Microsoft also used today's updates to launch its "Exploitability Index," a new effort announced in August. The index, which can be found in October's summary, lists each vulnerability along with the company's exploit rating. Microsoft settled on a three-step system that, in descending order of severity, predicts that researchers or hackers will come up with a consistently working exploit, develop an exploit that works only some of the time, or fail to craft attack code at all.
The inaugural index pegged eight of the month's 20 vulnerabilities with "Consistent exploit code likely" label, seven with the "Inconsistent exploit code likely" tag and four with "Functioning exploit code unlikely."

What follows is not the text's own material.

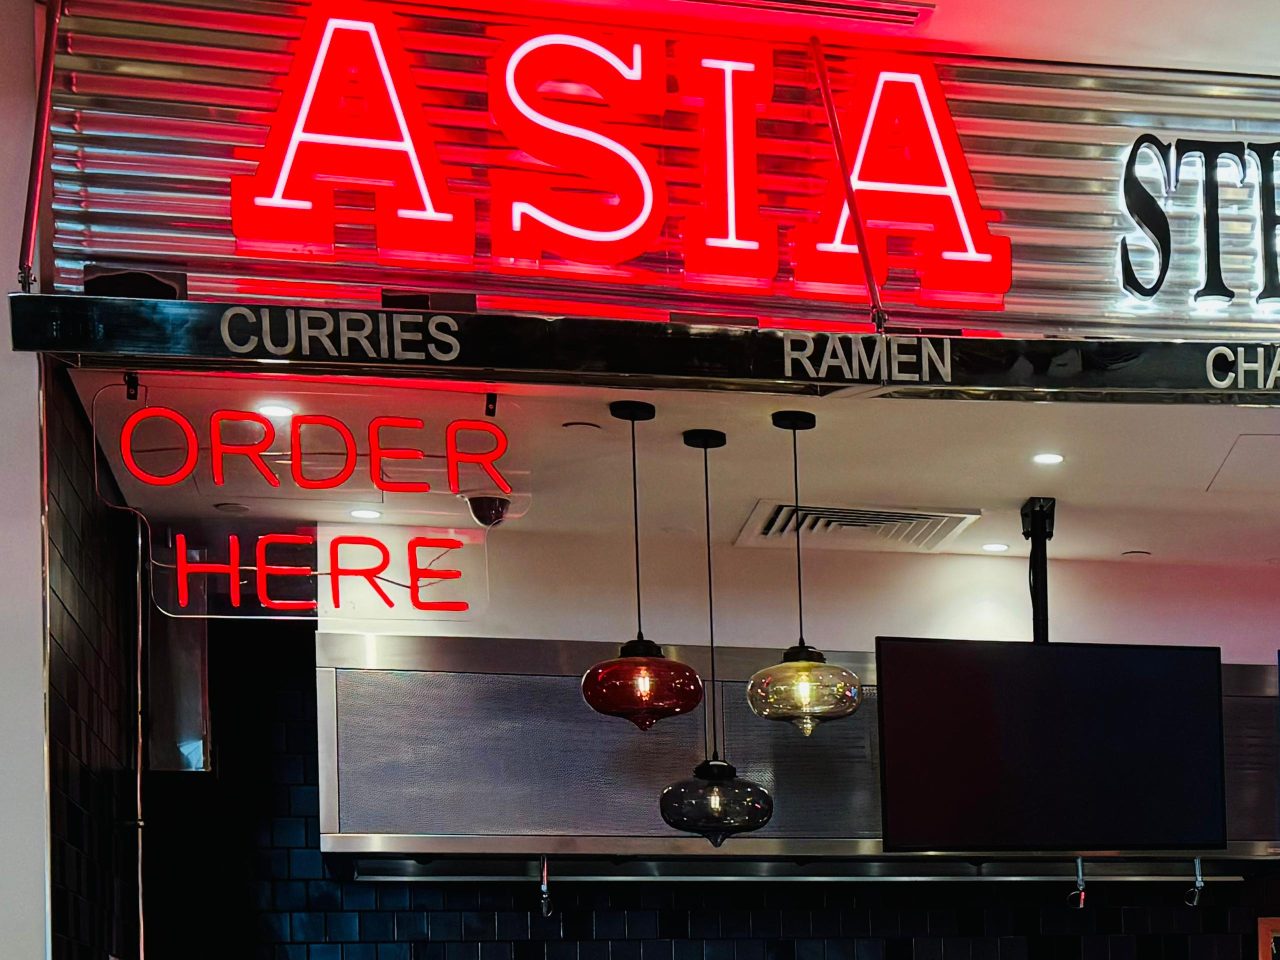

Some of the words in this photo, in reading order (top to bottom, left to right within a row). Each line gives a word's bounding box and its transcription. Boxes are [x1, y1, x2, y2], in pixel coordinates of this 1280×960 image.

One of the bugs in the six-patch IE collection was not given a rating because exploit code is already out in the wild. The vulnerability had gone public nearly four months ago, and could have been used by identity thieves to launch cross-site scripting attacks. Microsoft, however, claimed it has no evidence that the bug had actually been exploited.
Microsoft said its predictions were for a limited period, rather than open-ended. "The Exploitability Index makes an assessment on the likelihood that code will be released that exploits the vulnerability or vulnerabilities addressed in a security bulletin within the first 30 days after that bulletin's release," said a Microsoft spokesman, who quoted a technical description of the index posted on the company's site.
"I think they put together a pretty good and consistent view into the future, based on the data they had," said Storms. He saw the new information as far more important to corporate security professionals than to consumers. "But while they have a new data set [with the index], it doesn't mean that the enterprise can do less work," he cautioned.
Previously, Microsoft said that it expects customers to add the exploitability predictions to the already available threat rankings to fine-tune how they prioritize patching.
Storms also noted that another initiative announced in August, the Microsoft Active Protections Program, which gives select security vendors an early look at technical details of vulnerabilities before patches are posted, provides a way for outside researchers to toss in their two cents. "We now have a conduit to give a difference of opinion on exploitability," he said.
nCircle is one of the security vendors that has been accepted into the MAPP.
For the fourth time in the last six months, Microsoft also set the "kill bits" of several third-party ActiveX controls in a separate update that it described in detail in a new security advisory. The last time that Microsoft disabled other vendors' ActiveX controls was in August, when it shut down buggy software from Hewlett-Packard Co. and a Washington state developer. Microsoft will only set kill bits when the ActiveX control's developer asks the company to do so.